In a 45-page written ruling filed yesterday, Judge Phong Wang found that Deputy County Counsel Natalie Duke and Blair Angus, who retired in 2019 as assistant county counsel, acted in good faith with the information they had and did not intentionally mislead the court when handling matters related to a Carlotta man’s end-of-life care. Specifically, Wang found Angus and Duke’s actions did not rise to the level of “professional misconduct” in their handling of legal actions on behalf of Humboldt County Adult Protective Services and the Public Guardian’s Office against Dick and Judy Magney, which enabled the agencies to temporarily seize control over Dick Magney’s medical treatment and later all aspects of the Navy veterans’ life — including his finances and where he lived — over his wife’s objections and contrary to his advanced care directive.

The couple prevailed in those actions and the county ultimately paid $1 million in 2019 to settle a civil rights lawsuit stemming from the APS proceeding, though the county did not admit any wrongdoing.

The California State Bar filed disciplinary charges against Blair and Angus in November of 2020, alleging they filed a misleading petition in the case, failed to uphold the law and engaged in acts of moral turpitude.
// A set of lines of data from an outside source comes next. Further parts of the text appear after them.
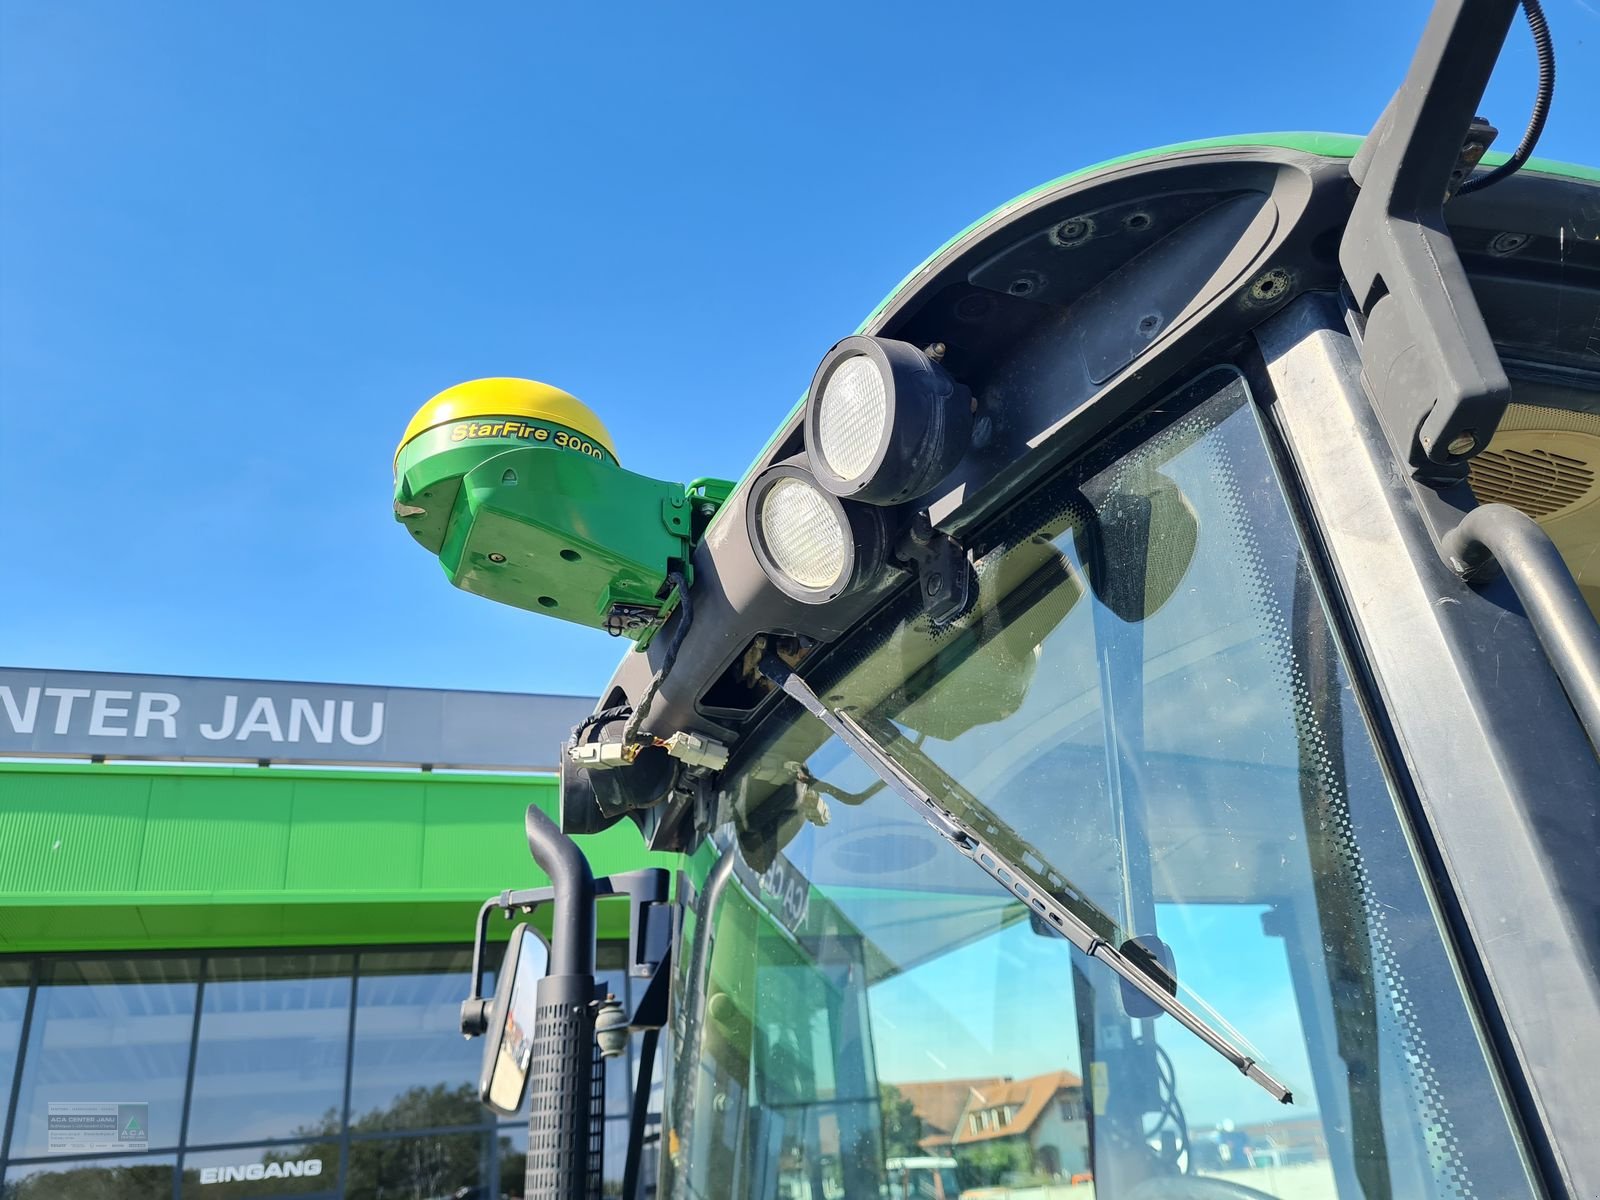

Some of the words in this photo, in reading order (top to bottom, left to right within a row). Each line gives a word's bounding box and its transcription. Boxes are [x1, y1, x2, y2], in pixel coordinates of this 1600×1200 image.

[450, 421, 550, 442] StarFire
[554, 431, 603, 460] 3000
[199, 695, 384, 745] JANU
[199, 1158, 323, 1185] EINGANG
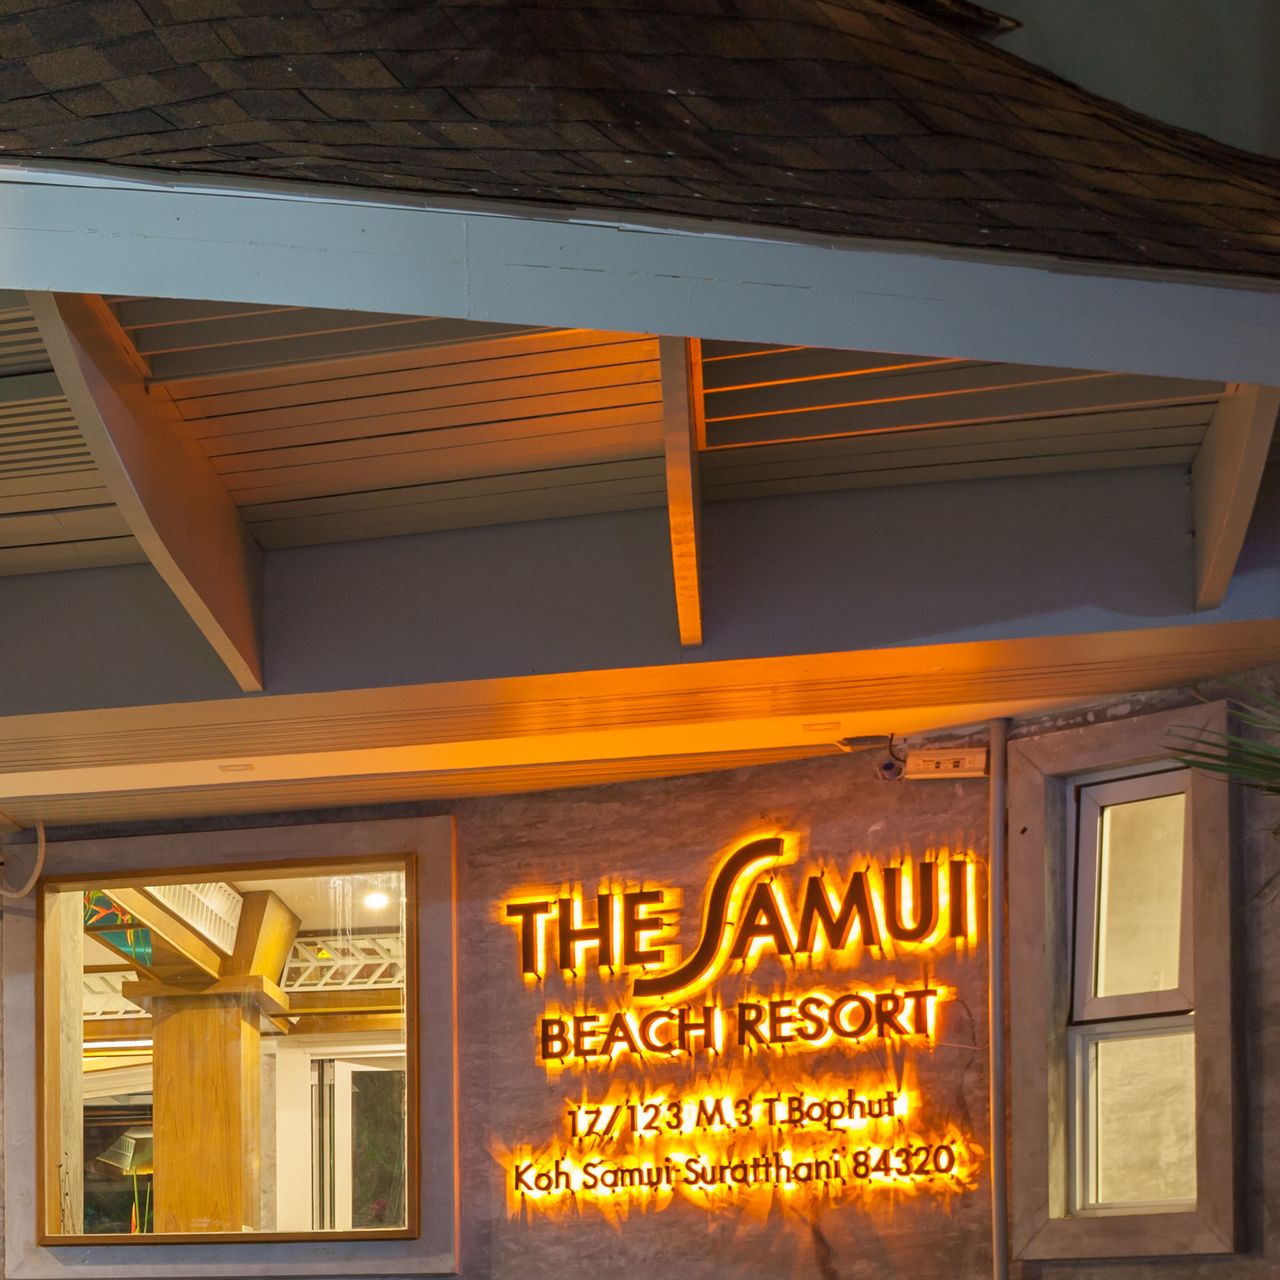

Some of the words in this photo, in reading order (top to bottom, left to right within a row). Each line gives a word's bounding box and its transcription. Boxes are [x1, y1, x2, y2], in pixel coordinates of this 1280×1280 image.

[506, 890, 664, 974] THE
[633, 837, 968, 997] SAMUI
[541, 1006, 715, 1061] BEACH
[738, 989, 937, 1047] RESORT
[567, 1102, 684, 1137] 17/123
[514, 1159, 572, 1191] Koh
[582, 1156, 673, 1190] Samui
[683, 1149, 841, 1186] Suratthani
[851, 1145, 955, 1179] 84320
The case went to trial in August and was held over 11 nonconsecutive days. In her ruling, Wang found that the state bar’s allegations simply did “not support a violation” of applicable professional codes, while evidence entered at trial indicated the attorneys had acted in good faith under exigent circumstances and “there was no design to mislead the court.”

Dick Magney, 73, was admitted to the hospital in 2015 and was in dire condition by all accounts, suffering from an infected heart valve, chronic pain and desperately poor hygiene. The Magneys had been pursuing a course of palliative care in consultation with his doctor and in line with his advanced health care directive before APS, concerned that Dick Magney was incapable of making his own medical decisions and that Judy Magney might not have been acting in his best interests, intervened and had him put back on antibiotics in a bid to keep him alive while investigating a possible neglect case against his wife of 23 years.

The APS case was later withdrawn and the Public Guardian’s Office stepped in to obtain temporary control over Dick Magney’s affairs for about a month before a judge denied the agency’s request to place him in a permanent conservatorship. He died five months later.

“Though this court recognizes the harm suffered by [Judy Magney] and [Dick Magney] by APS’ actions, this court is called upon to determine whether Angus and Duke’s respective acts rose to professional misconduct — not APS’ civil liability,” Wang wrote in her ruling. “After careful consideration, the court finds Mary Blair Angus … and Natalie A. Duke … not culpable of the charged misconduct.”